What you should do >> Reproduce the following data exactly, minus any images.

Records provided >>
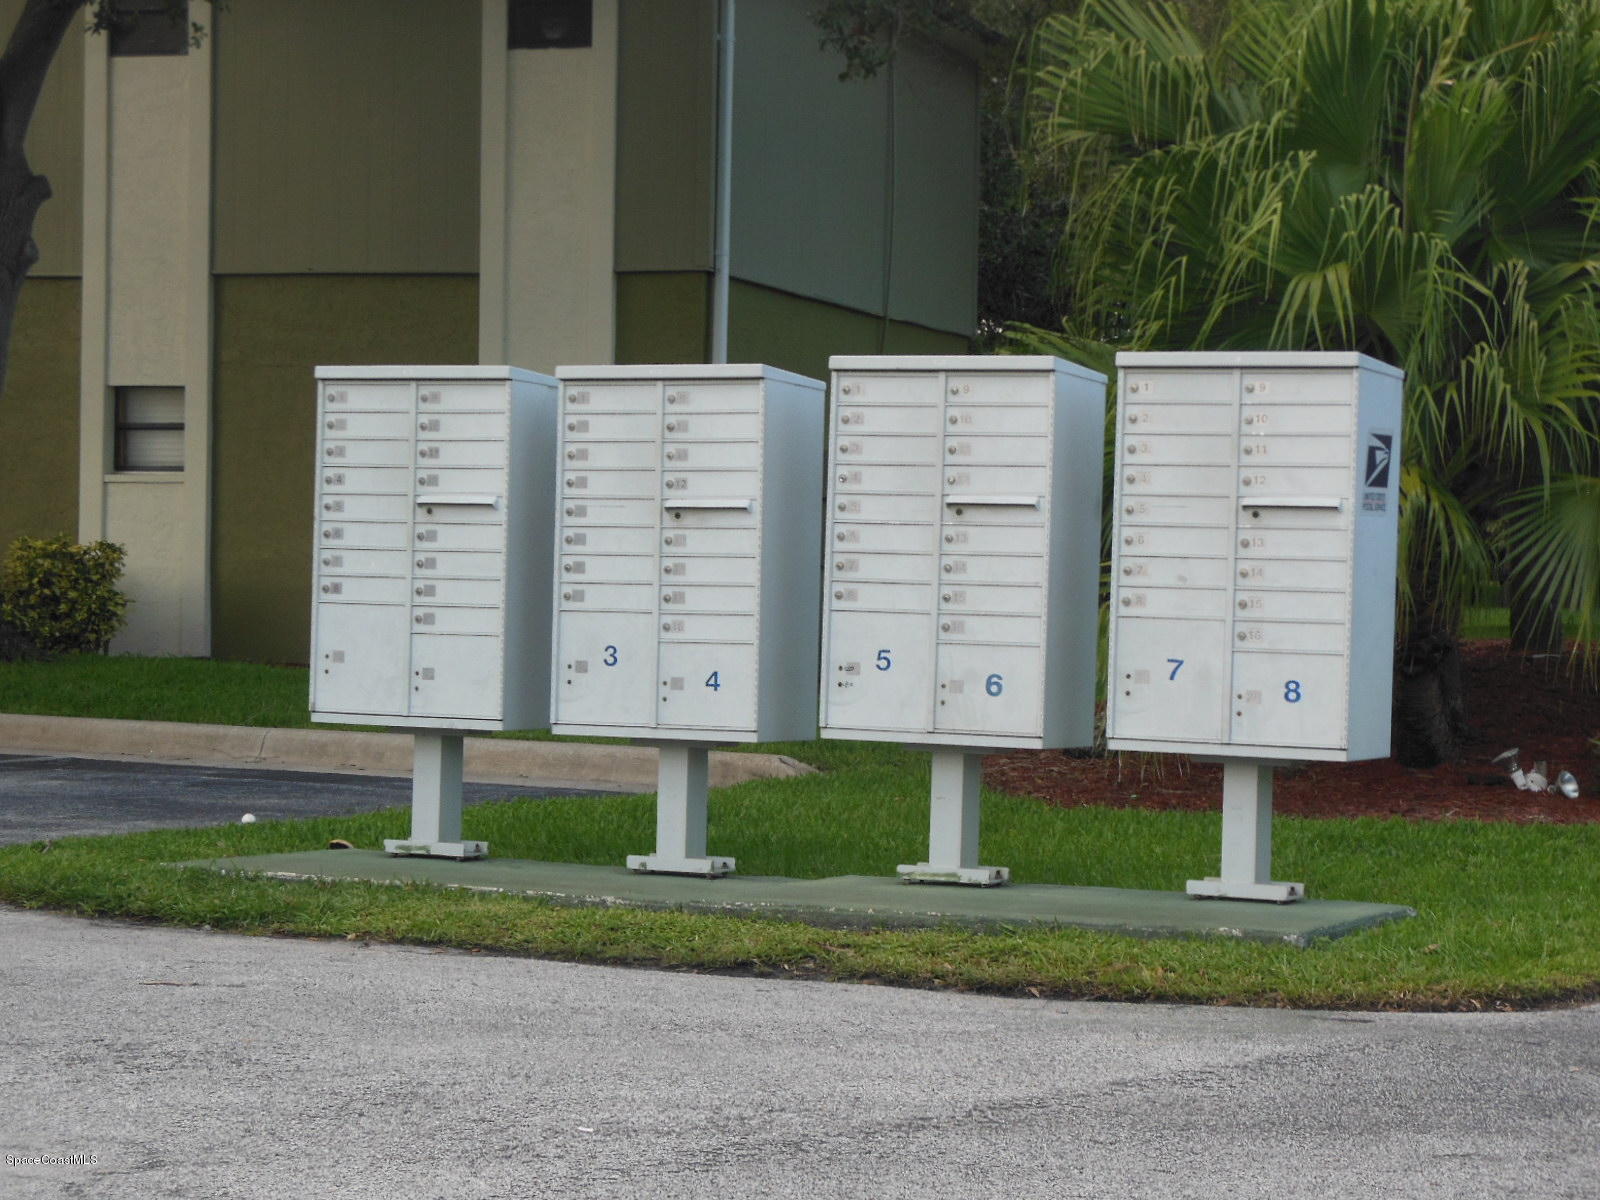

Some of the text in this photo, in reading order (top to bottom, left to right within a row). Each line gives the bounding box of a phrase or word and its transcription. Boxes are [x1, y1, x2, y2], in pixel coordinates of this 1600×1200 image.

[1256, 414, 1268, 423] 10
[1256, 444, 1266, 454] 11
[1255, 475, 1265, 485] 12
[1252, 538, 1263, 547] 13
[603, 645, 618, 667] 3
[876, 649, 891, 672] 5
[1167, 659, 1185, 680] 7
[705, 671, 721, 691] 4
[986, 674, 1003, 697] 6
[1284, 680, 1303, 703] 8

Solution to this exercise >>
Some of the text in this photo, in reading order (top to bottom, left to right within a row). Each line gives the bounding box of a phrase or word and its transcription. Boxes are [x1, y1, x2, y2], in pixel coordinates of this 1600×1200 image.

[1256, 414, 1268, 423] 10
[1256, 444, 1266, 454] 11
[1255, 475, 1265, 485] 12
[1252, 538, 1263, 547] 13
[603, 645, 618, 667] 3
[876, 649, 891, 672] 5
[1167, 659, 1185, 680] 7
[705, 671, 721, 691] 4
[986, 674, 1003, 697] 6
[1284, 680, 1303, 703] 8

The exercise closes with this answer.